Retype exactly the stretch of lines that begins at the line containing "this 1536×1366 image." and ends at the last line of the data, with no other lines.

+++

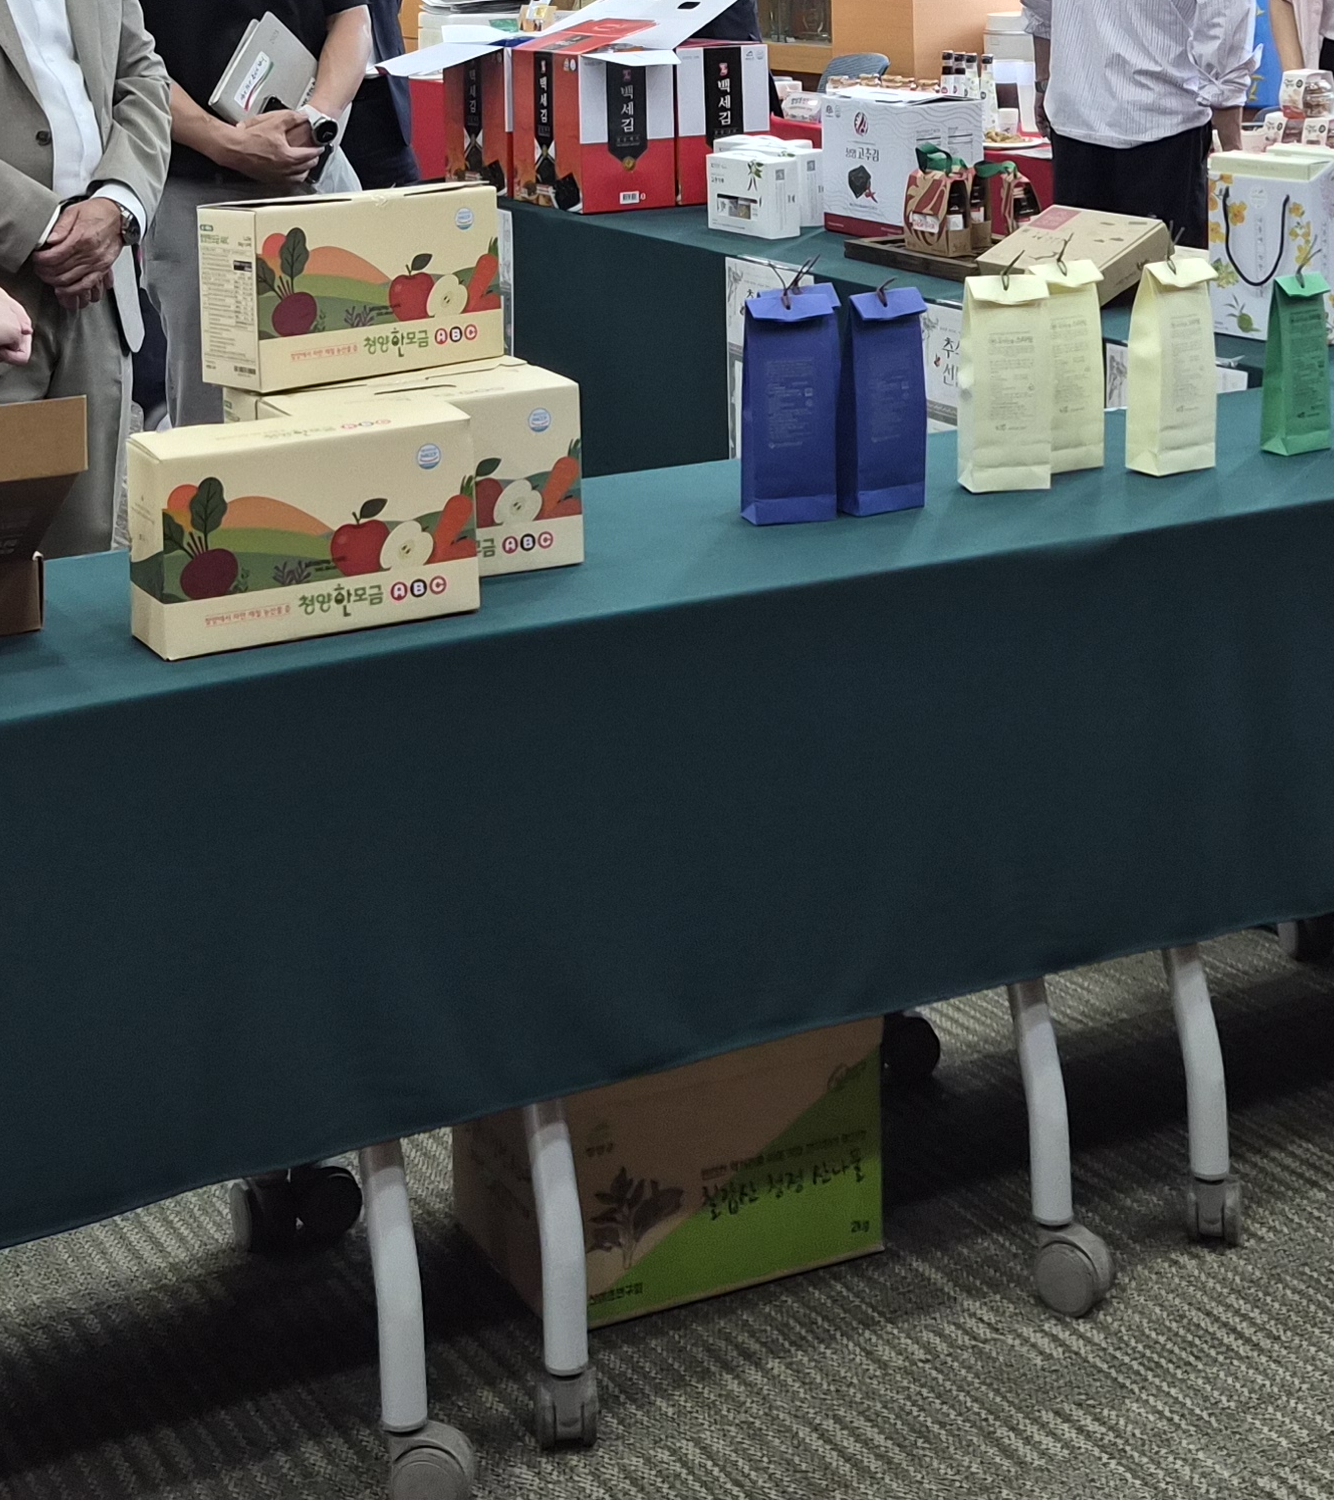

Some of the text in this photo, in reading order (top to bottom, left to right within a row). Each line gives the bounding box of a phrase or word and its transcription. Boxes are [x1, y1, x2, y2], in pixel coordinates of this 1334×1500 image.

[620, 84, 635, 134] 백세김
[717, 77, 732, 126] 백세김
[812, 1148, 865, 1186] 산나물
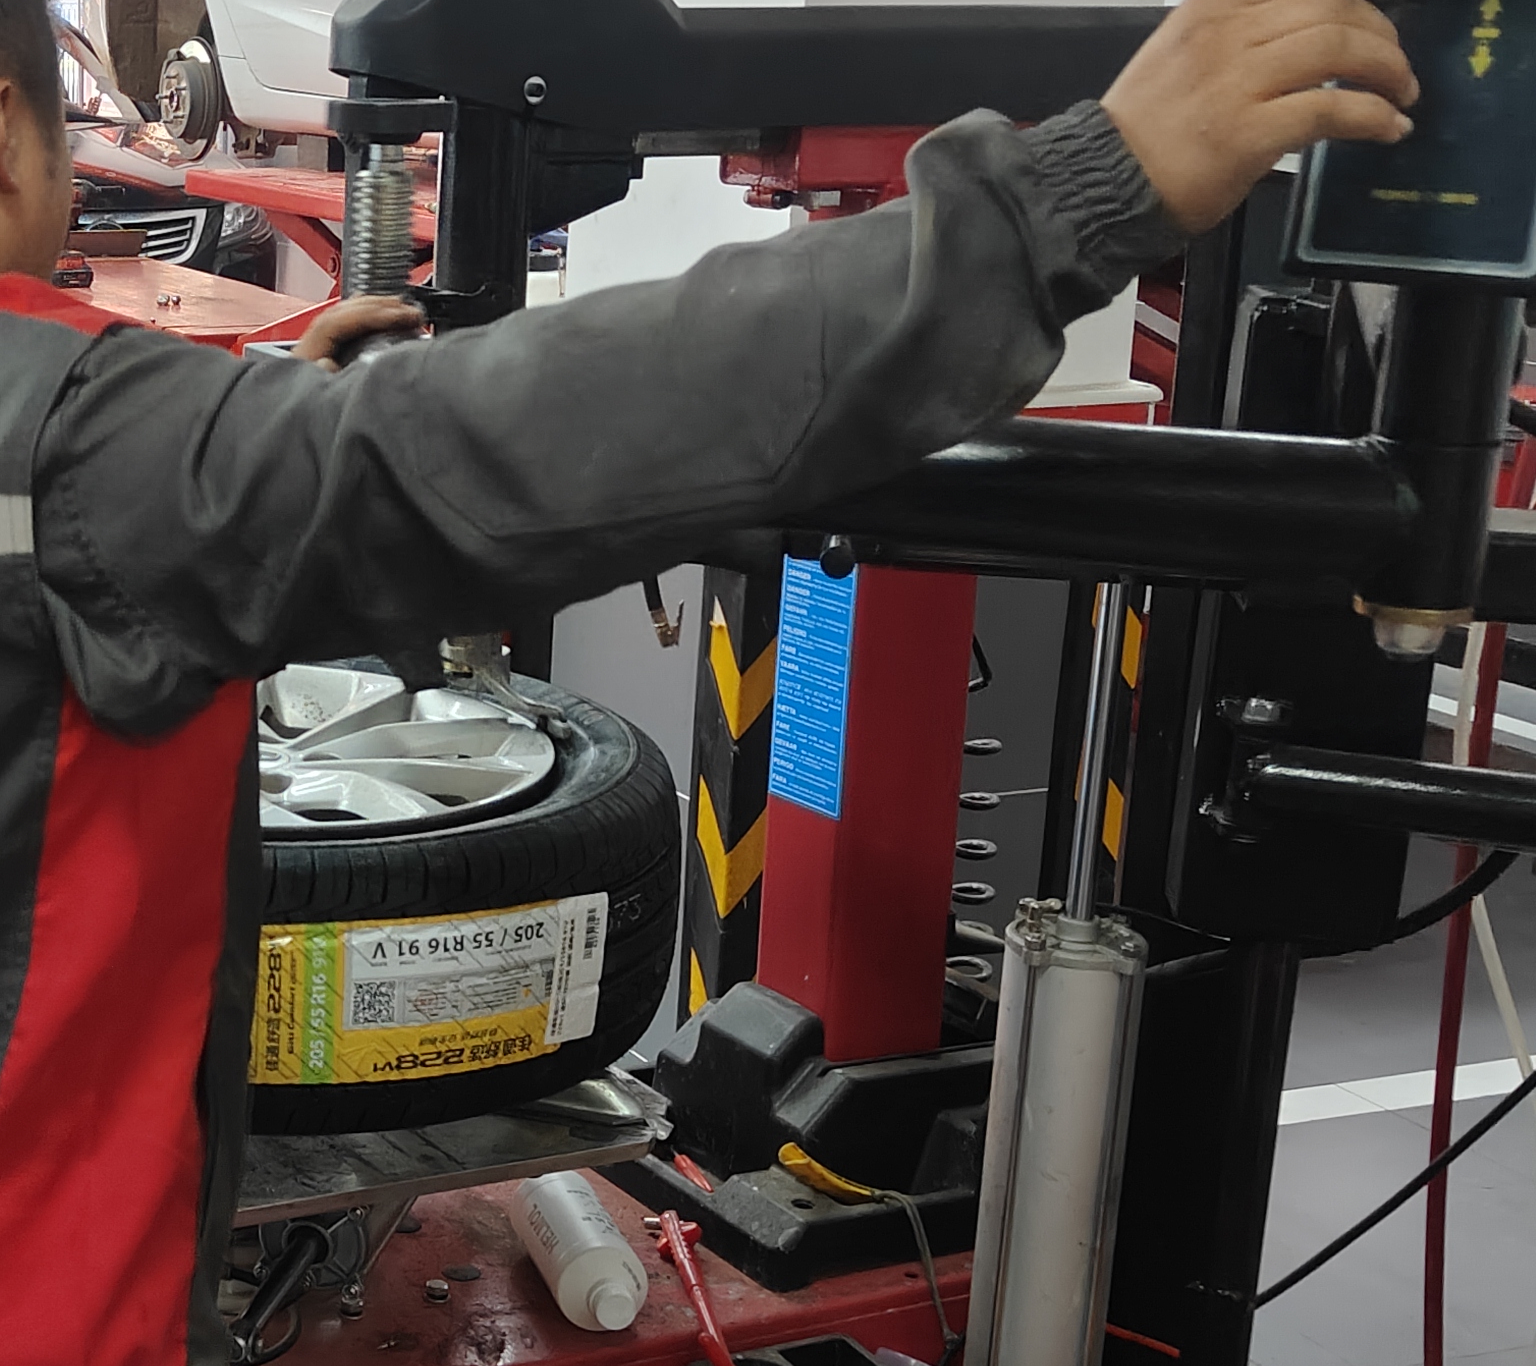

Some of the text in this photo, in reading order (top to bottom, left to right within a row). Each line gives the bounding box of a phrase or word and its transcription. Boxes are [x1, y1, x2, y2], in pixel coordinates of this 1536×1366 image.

[472, 930, 495, 949] 55
[514, 921, 544, 943] 205
[372, 942, 387, 959] V
[396, 939, 420, 956] 91
[427, 936, 465, 953] R16

+++

— Result below —
Some of the text in this photo, in reading order (top to bottom, left to right within a row). Each line gives the bounding box of a phrase or word and its transcription. Boxes are [x1, y1, x2, y2], in pixel coordinates of this 1536×1366 image.

[472, 930, 495, 949] 55
[514, 921, 544, 943] 205
[372, 942, 387, 959] V
[396, 939, 420, 956] 91
[427, 936, 465, 953] R16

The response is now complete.